Dans le centre, sous Soekarno, après l’Indépendance (1948) on voit surgir un certain nombre de monuments inspirés du réalisme soviétique : l’hôtel Indonesia (HI) (1962 -il a été rénové dans les années 2000-, le grand magasin Sarinah ( ouvert en 1967, un magasin à étages de 74 m qui demeure le cœur commercial), le Monument National (Monas), le complexe sportif de Senayan (créé pour pour les Jeux Asiatiques de 1962)

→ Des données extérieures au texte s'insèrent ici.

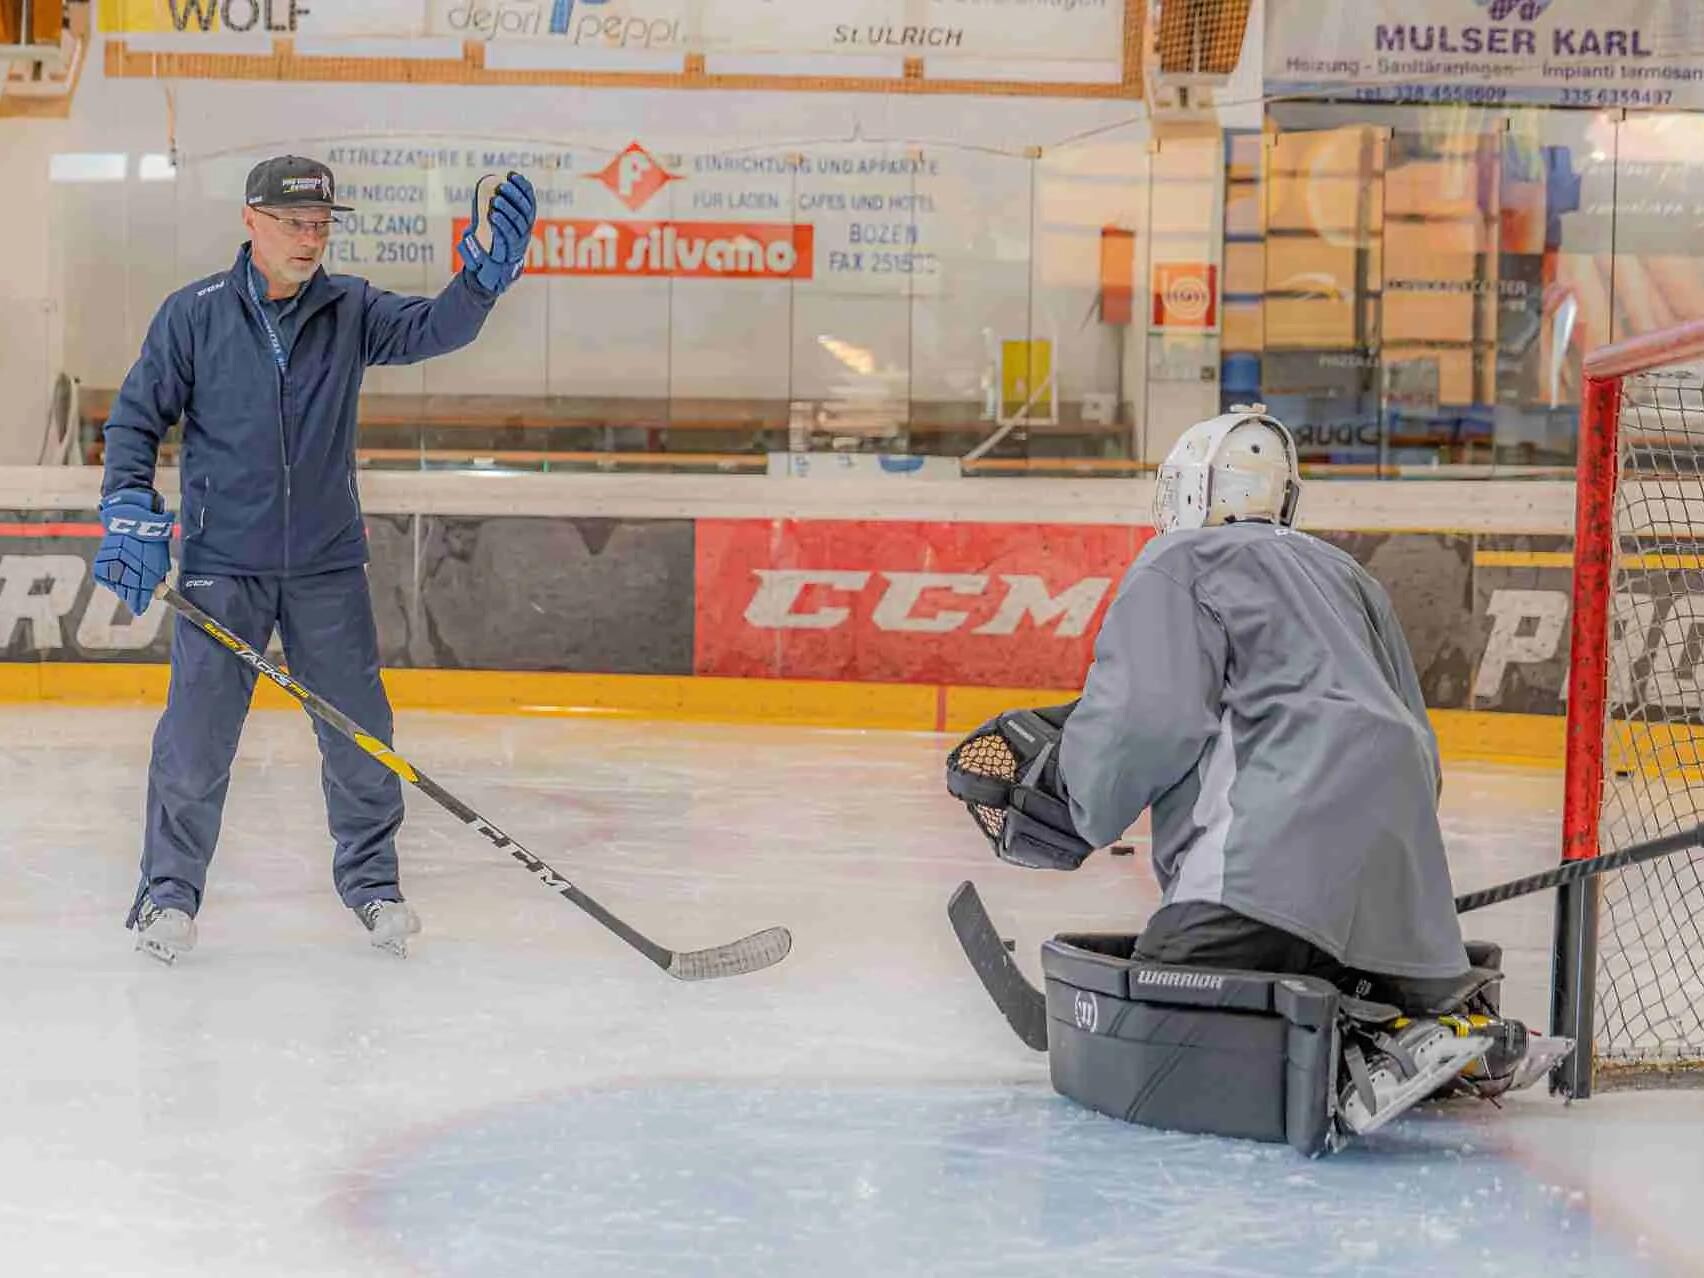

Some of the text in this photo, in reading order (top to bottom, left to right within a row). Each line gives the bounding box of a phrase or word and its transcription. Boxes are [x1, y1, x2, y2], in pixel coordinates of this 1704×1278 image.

Le « Monas » (monument national) obélisque de 132 m de haut, surmonté d’une flamme en or domine Jakarta. Il se situe au centre de l’immense place de l’Indépendance (Lapangan Merdeka) de près de 100 hectares. Construit entre 1961 et 1975, sa forme est inspiré d’un symbole hindouiste, le linga. Un (petit) ascenseur permet d’accéder au sommet et d’avoir une vue panoramique sur la ville. A l’arrière-plan on voit la mosquée Istiqlal qui est la plus grande mosquée d’Asie orientale (l’Indonésie est le plus grand pays musulman au monde)

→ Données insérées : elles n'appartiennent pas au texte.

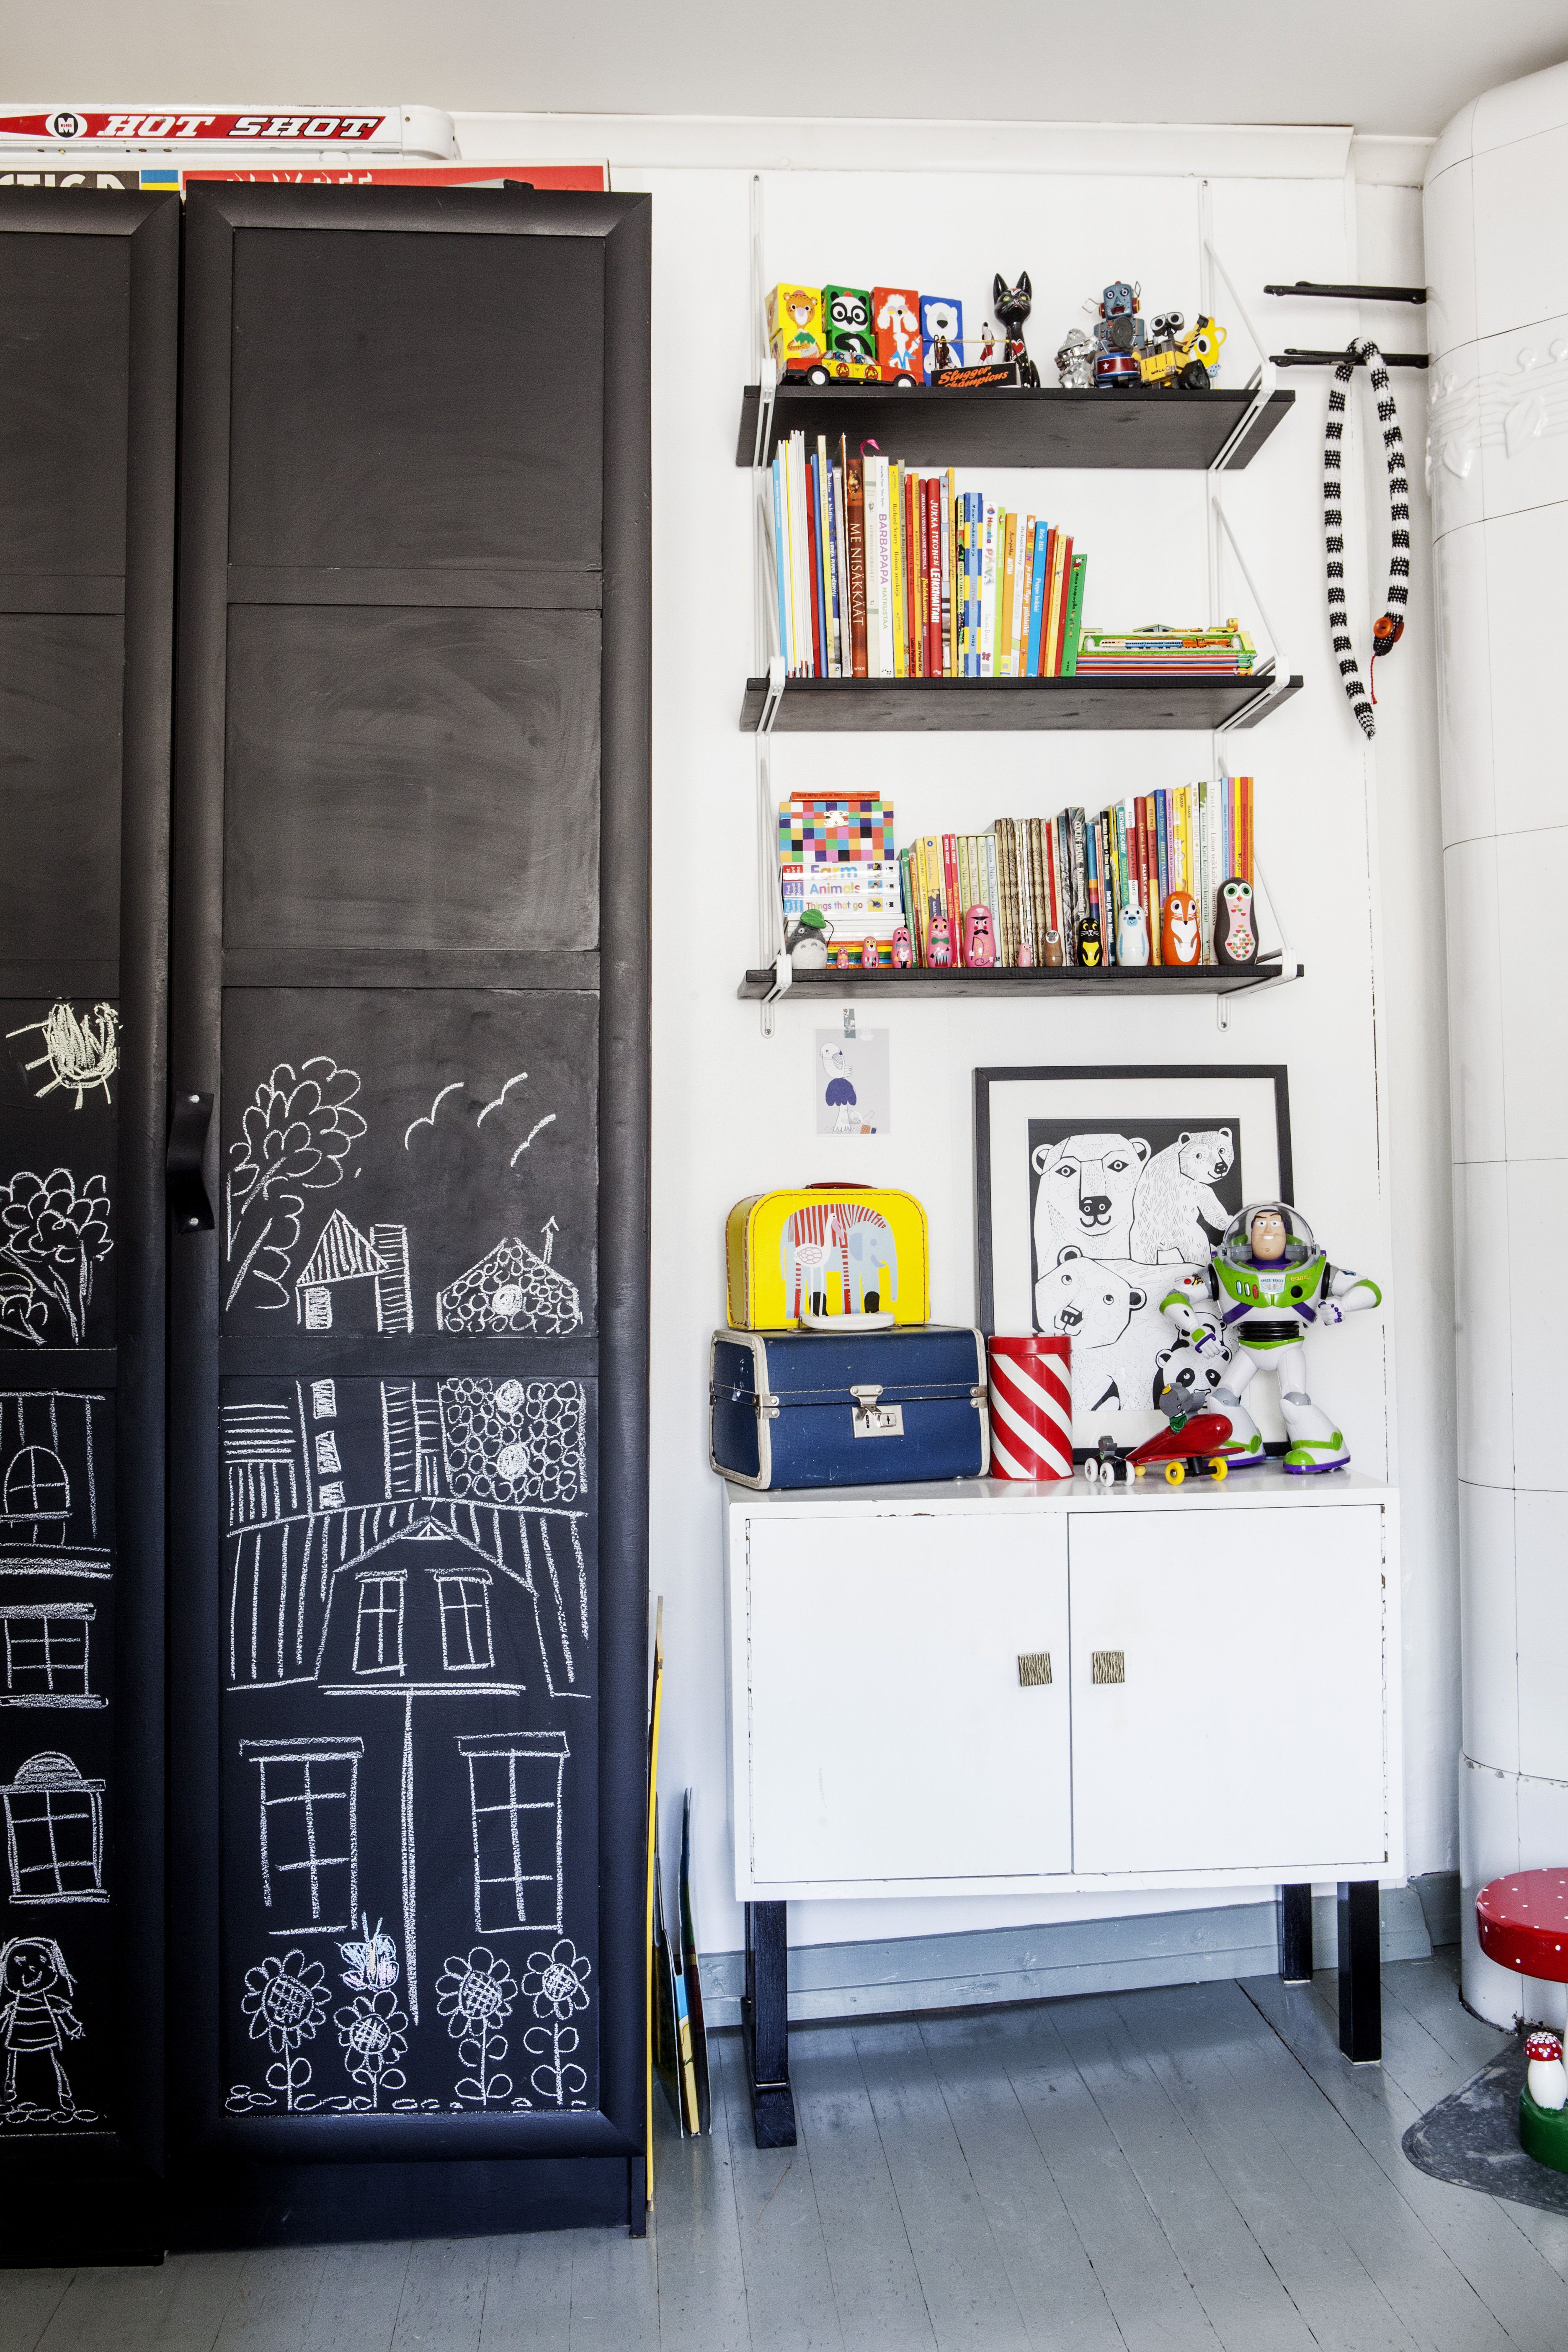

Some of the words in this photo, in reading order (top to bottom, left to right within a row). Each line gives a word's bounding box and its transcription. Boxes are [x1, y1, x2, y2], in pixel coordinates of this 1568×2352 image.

[97, 116, 217, 137] HOT
[227, 117, 381, 137] SHOT
[938, 366, 991, 384] Slugger
[850, 523, 861, 543] ME
[879, 514, 888, 584] BARBAPAPA
[984, 548, 995, 585] PÄIVÄ
[851, 548, 864, 626] NISÄKKÄÄT
[930, 568, 941, 623] LEIKKIHAITARI
[810, 865, 858, 880] Farm
[810, 882, 860, 895] Animals
[1077, 868, 1086, 912] Kaukametsän
[806, 901, 831, 911] Things
[834, 901, 850, 909] that
[854, 902, 863, 911] go

En 1973 un plan d’aménagement est lancé pour le Grand Jakarta l’objectif étant de créer des villes nouvelles  et un périphérique extérieur à 12 km du Monas mais le projet n’est pas réellement achevé.

L’accentuation des difficultés

Les inondations sont de plus en plus fréquentes –tous les quartiers sont touchés-, les difficultés d’approvisionnement en eau sont considérables car les sols sont salés et il est donc impossible de forer des puits.

La gestion des déchets est très compliquée : la métropole produit un quart des déchets de tout le pays avec une pollution particulière liée aux sacs plastiques. A cela s’ajoute une pollution de l’air.

J’ai personnellement pris conscience de ces problèmes de pollution en 2015 en allant passer une journée sur l’île de Bidadari qui se trouve dans la baie de Jakarta, à 20 mn de bateau proche de l’île d’Onrust qui a été l’entrepôt et le port hollandais initial (Onrust est à 1 km à l’Ouest de Bidarari).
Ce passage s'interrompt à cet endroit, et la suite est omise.